Selenium for testing
One of the test automation tools commonly used is Selenium. Selenium is capable of running a web browser and interact as a user would interact with the system while checking every assertion defined in the test code.

Selenium example with XML output
The below example showcases a very small testcase which will execute two tests and which has been tested using a Oracle Linux instance to run the Selenium code. The difference between a standard selenium test and the below example is that it ensures that the test report is generated as XML and is stored in a default location.

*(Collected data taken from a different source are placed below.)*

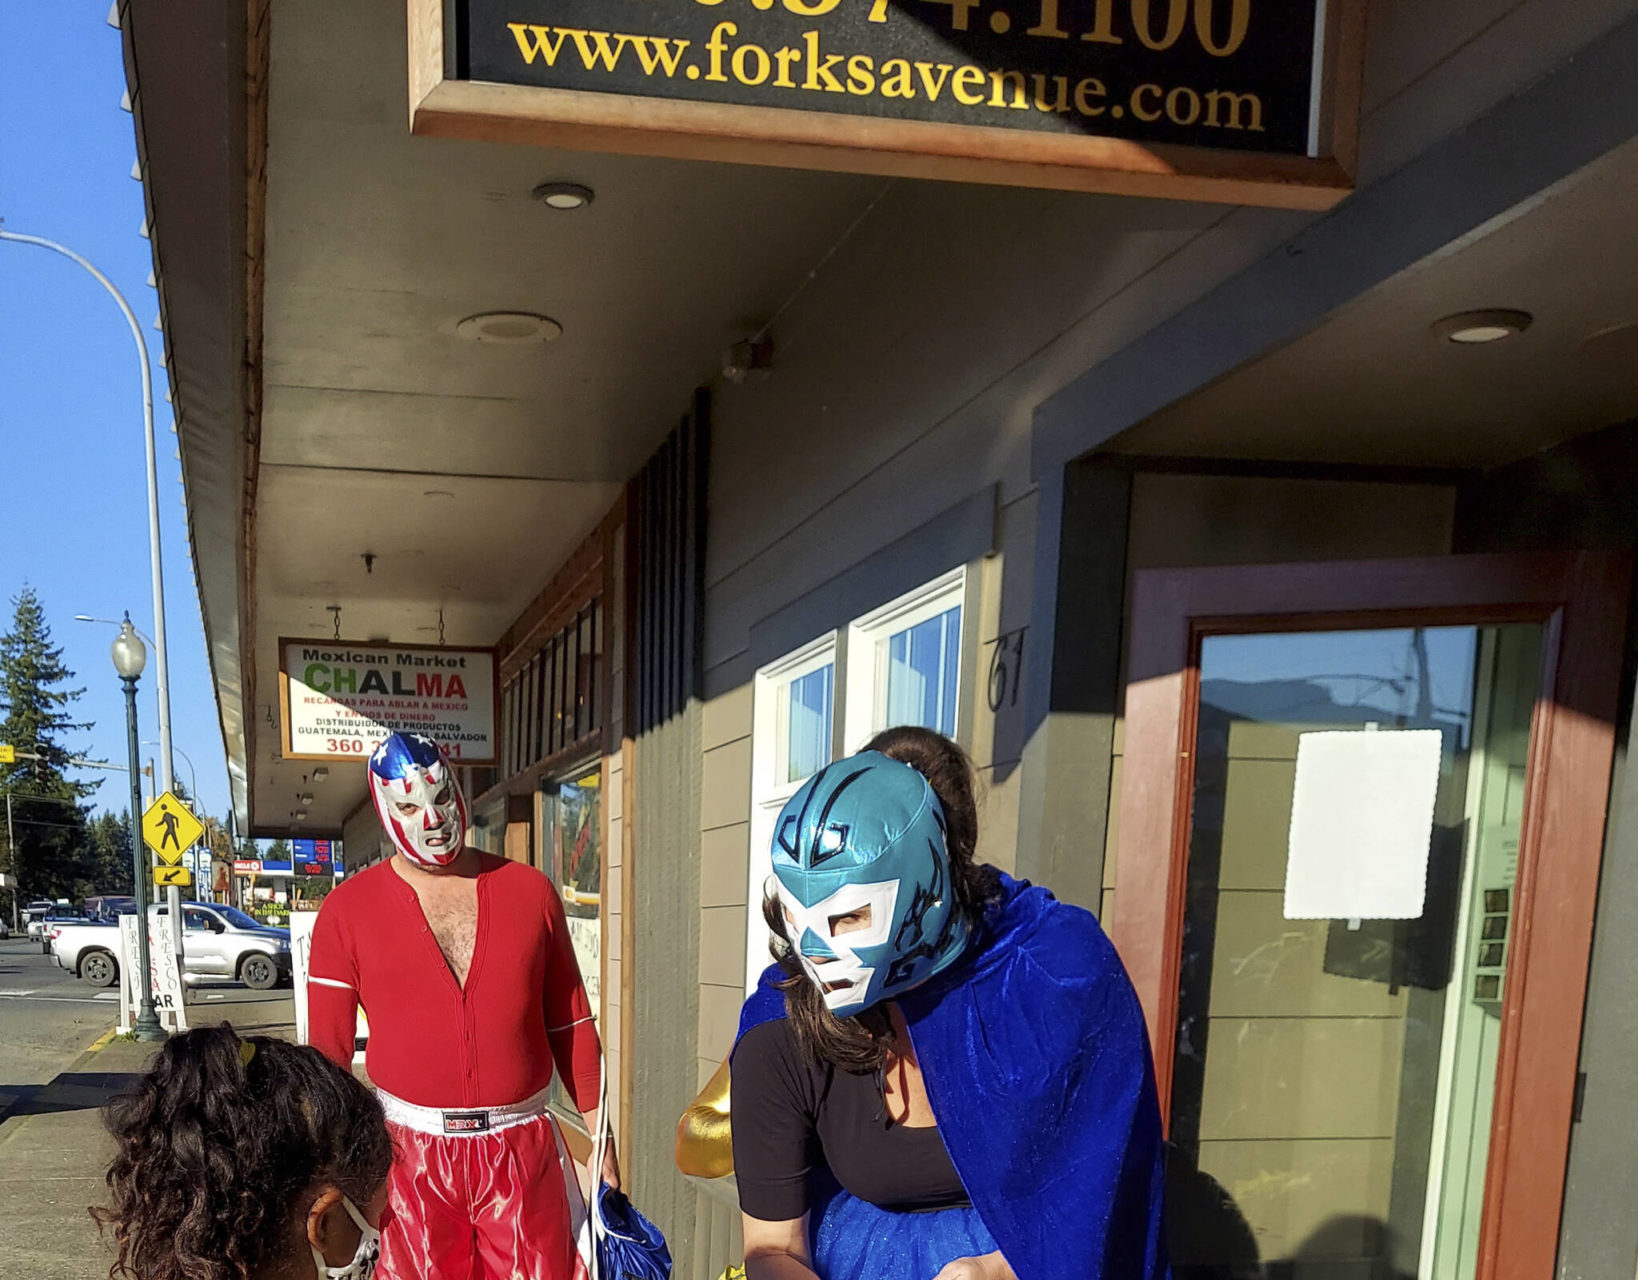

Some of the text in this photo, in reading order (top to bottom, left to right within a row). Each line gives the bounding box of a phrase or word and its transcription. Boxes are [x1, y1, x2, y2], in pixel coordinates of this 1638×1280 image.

[507, 22, 1264, 133] www.forksavenue.com
[303, 649, 467, 669] Mexican Market
[304, 663, 467, 699] CHALMA
[360, 698, 385, 707] PARA
[432, 702, 468, 711] MEXICO
[336, 710, 341, 718] Y
[345, 710, 383, 719] ENVIOS
[400, 713, 436, 721] DINERO
[316, 718, 461, 731] DISTRIBUIDOR DE PRODUCTOS
[298, 727, 364, 737] GUATEMALA,
[434, 733, 488, 742] SALVADOR
[327, 739, 363, 753] 360

Storing the test reports in XML will enable you to combine and report multiple testcases into a single test report while building individual tests instead of one large testcase. Selenium supports multiple development languages to define your testcases, the below example is a Python based testcase.

import unittest
import xmlrunner
from selenium import webdriver
from selenium.webdriver.common.keys import Keys

# set some generic variables used within the wider test scripting
geckodriver = '/usr/local/lib/selenium/drivers/geckodriver'
options = webdriver.FirefoxOptions()
options.add_argument('-headless')

class PythonOrgSearch(unittest.TestCase):

    def setUp(self):
        self.driver = webdriver.Firefox(executable_path=geckodriver, firefox_options=options)

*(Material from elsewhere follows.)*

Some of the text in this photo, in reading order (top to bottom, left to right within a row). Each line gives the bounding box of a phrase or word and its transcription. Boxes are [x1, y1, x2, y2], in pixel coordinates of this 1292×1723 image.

    def test_search_in_python_org(self):
        driver = self.driver
        driver.get("http://www.python.org")
        self.assertIn("Python", driver.title)
        elem = driver.find_element_by_name("q")
        elem.send_keys("pycon")
        elem.send_keys(Keys.RETURN)
        assert "No results found." in driver.page_source

    def testCaseFindTitle(self):
        driver = self.driver
        driver.get("http://www.python.org")
        self.assertIn("Python", driver.title)
        elem = driver.find_element_by_name("q")
        elem.send_keys("pycon")
        elem.send_keys(Keys.RETURN)
        assert "No results found." not in driver.page_source

    def tearDown(self):
        self.driver.close()

if __name__ == "__main__":
    unittest.main(
        testRunner=xmlrunner.XMLTestRunner(output='test-reports'),
        failfast=False, buffer=False, catchbreak=False)

Executing the test
If you execute the above test you will notice that one case will fail and one will succeed (at this very moment). A standard execution looks like the example below:

[root@testnode12]# python 7seltest.py 

Running tests...
----------------------------------------------------------------------
.F
======================================================================
ERROR [15.376s]: test_search_in_python_org (__main__.PythonOrgSearch)
----------------------------------------------------------------------
Traceback (most recent call last):
  File "7seltest.py", line 23, in test_search_in_python_org
    assert "No results found." in driver.page_source
AssertionError

----------------------------------------------------------------------
Ran 2 tests in 27.462s

FAILED (errors=1)

Generating XML reports...
[root@testnode12]# 

As an addition you will find the XML report in the ./test-reports directory for future references and to enable you to parse the individual XML reports into a single report.